"To understand why, it helps to look back to a time when Americans didn’t worry much about health care costs. In 1950, the country spent less than $100 a year — or $500 in today’s dollars — on the average person’s medical care, compared with almost $6,000 now . . . Most families in the 1950’s paid their medical bills with ease, but they also didn’t expect much in return. After a century of basic health improvements like indoor plumbing and penicillin, many experts thought that human beings were approaching the limits of longevity. 'Modern medicine has little to offer for the prevention or treatment of chronic and degenerative diseases,' the biologist RenĂ© Dubos wrote in the 1960’s."Let me interject here a brief observation that the accepted medical wisdom at any given time frequently turns out to be remarkably incorrect, and not always that far into the future. This is a topic I've done a lot of thinking about and want to explore more in future posts. But I digress.
"But then doctors figured out that high blood pressure and high cholesterol caused heart attacks, and they developed new treatments. Oncologists learned how to attack leukemia, enabling most children who receive a diagnosis of it today to triumph over a disease that was almost inevitably fatal a half-century ago. In the last few years, orphan drugs that combat rare diseases and medical devices like the implantable defibrillator have extended lives. Human longevity still hasn’t hit the wall that was feared 50 years ago.In fact, there are economists that do exactly this type of research, trying to decide what the "value" of extra years is, for example. Morbid stuff, and we'll skip those details for now. But you get the idea. Ignoring the exact amounts, we can all agree that increased health and longevity have value, and things that have value usually cost money. No surprise there.

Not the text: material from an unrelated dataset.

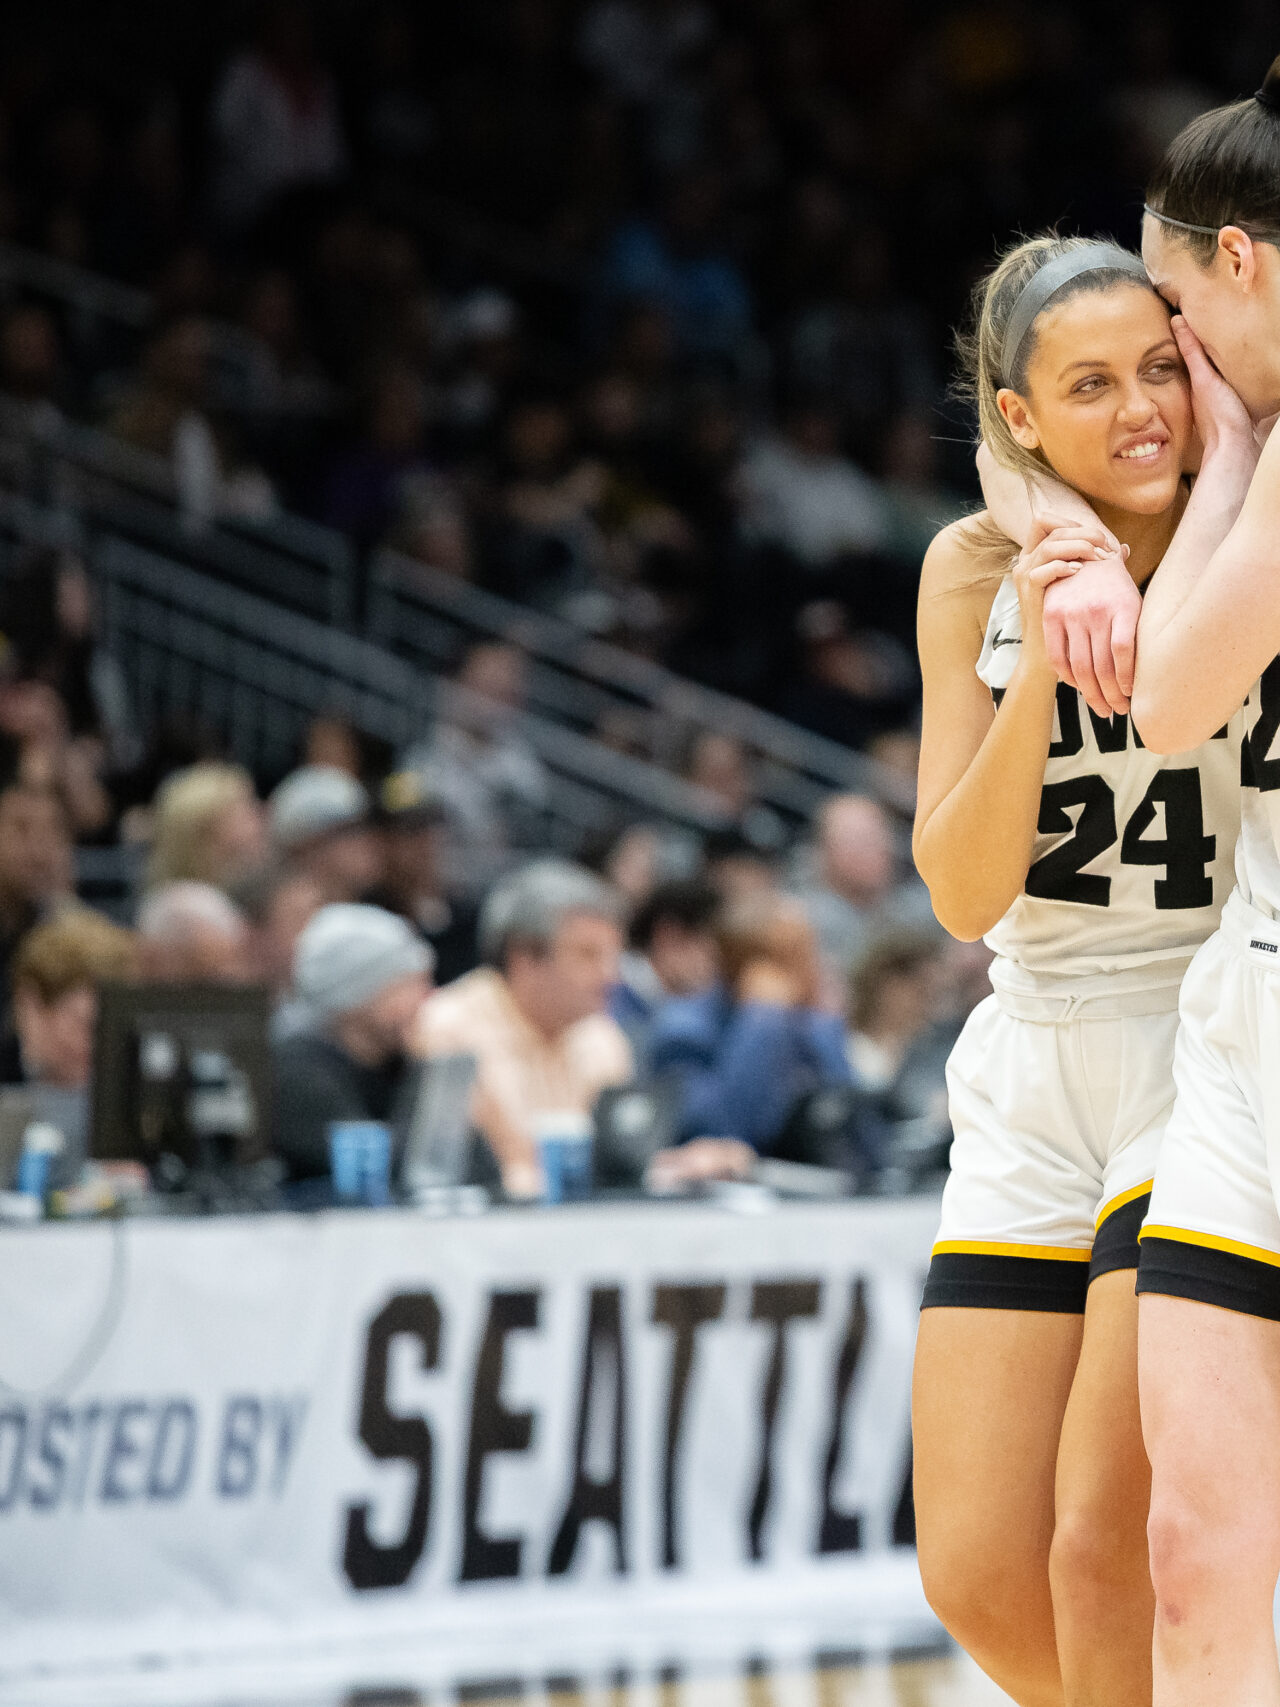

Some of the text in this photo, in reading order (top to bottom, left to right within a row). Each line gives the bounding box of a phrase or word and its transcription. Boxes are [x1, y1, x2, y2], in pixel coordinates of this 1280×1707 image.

[1025, 766, 1216, 909] 24
[216, 1394, 309, 1502] BY
[342, 1275, 918, 1592] SEATTL
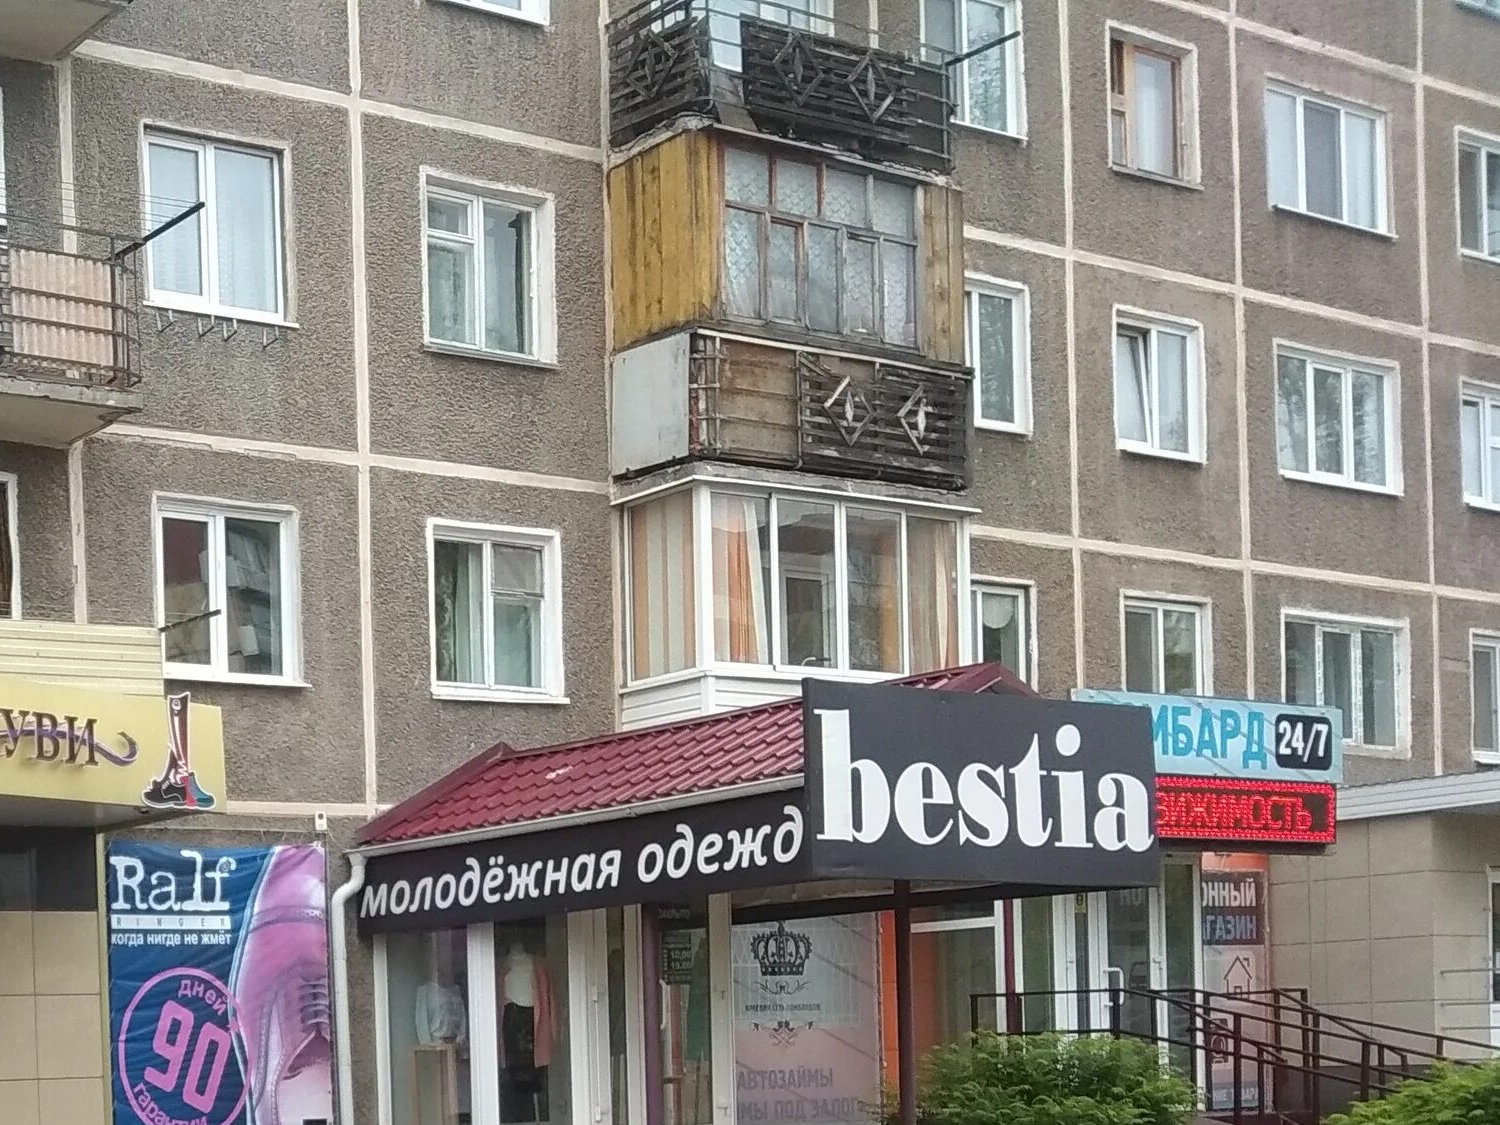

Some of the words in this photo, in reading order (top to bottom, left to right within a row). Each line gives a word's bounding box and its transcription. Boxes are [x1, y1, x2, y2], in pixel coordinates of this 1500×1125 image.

Instead, a baby born in the United States this year will live to age 78 on average, a decade longer than the average baby born in 1950. People who have already made it to their 40’s can now expect to reach age 80. These gains are probably bigger than the ones the British experienced in the entire millennium leading up to 1800. If you think about this as the return on the investments in medicine, the payoff has been fabulous: Would you prefer spending an extra $5,500 on health care every year — or losing 10 years off your lifespan?"
"Yet we often imagine that the costs and benefits are unrelated, that we can somehow have 2006 health care at 1950 (or even 1999) prices. . .There are a lot of complex issues here, many of which deserve to be dealt with separately. We'll get to each of them eventually, just not all today. Instead, the message I want to leave you with now is two fold:
Somehow, going to the mall to buy clothes has come to be seen as a vaguely patriotic way to keep the economy humming, and taking out a risky mortgage is considered to be an investment in one’s future. But medical care? That’s just a cost.
It’s easy to be against high costs, and it will no doubt be hard to come up with a broad health care solution. But the way to start is by acknowledging that an affluent society should devote an ever-growing share of its resources to the health of its citizens. 'We have enough of the basics in life,' Mr. Cutler, the economist and author, points out. 'What we really want are the time and the quality of life to enjoy them.'"
First, the health care that we "buy" today (in aggregate) is quite different and vastly superior to what we have bought in the past. In other words, it is important to remember that we are getting something very different from what we did, say, 40 years ago. We are so used to amazing new medical technologies, that it is easy to forget how revolutionary, not even evolutionary, so many of them are.
Second, there is no specific level of health care spending that is the "right" amount to spend. Go back 100 years, and a much greater share of our national income needed to be consumed to keep everyone fed than we need to spend today. Take that change, and many others, and one consequence is that as a society we have a greater ability to devote resources to health care than we have had in the past. To say this another way, there is nothing per se wrong with a modern, prosperous society deciding (implicitly or explicitly) to spend a greater share of GDP on health care, compared to what was spent historically. In many ways, this is a benefit of having to spend a lot lower share of GDP on, for example, food.
Of course, we want to make sure we are happy with what we are getting for that money, and that we prefer consuming this amount of health care as opposed to other potential uses for the money. Also, questions of access, waste in the system, costs of specific treatments, etc. - all of these are important, but none alter the basic conclusion. You can be concerned about all of those things and others, but that is different from being alarmed that overall health care has reached some specific level or share of expenses. There is nothing wrong with investing increasing amounts in our own health, and likely a whole lot right about it.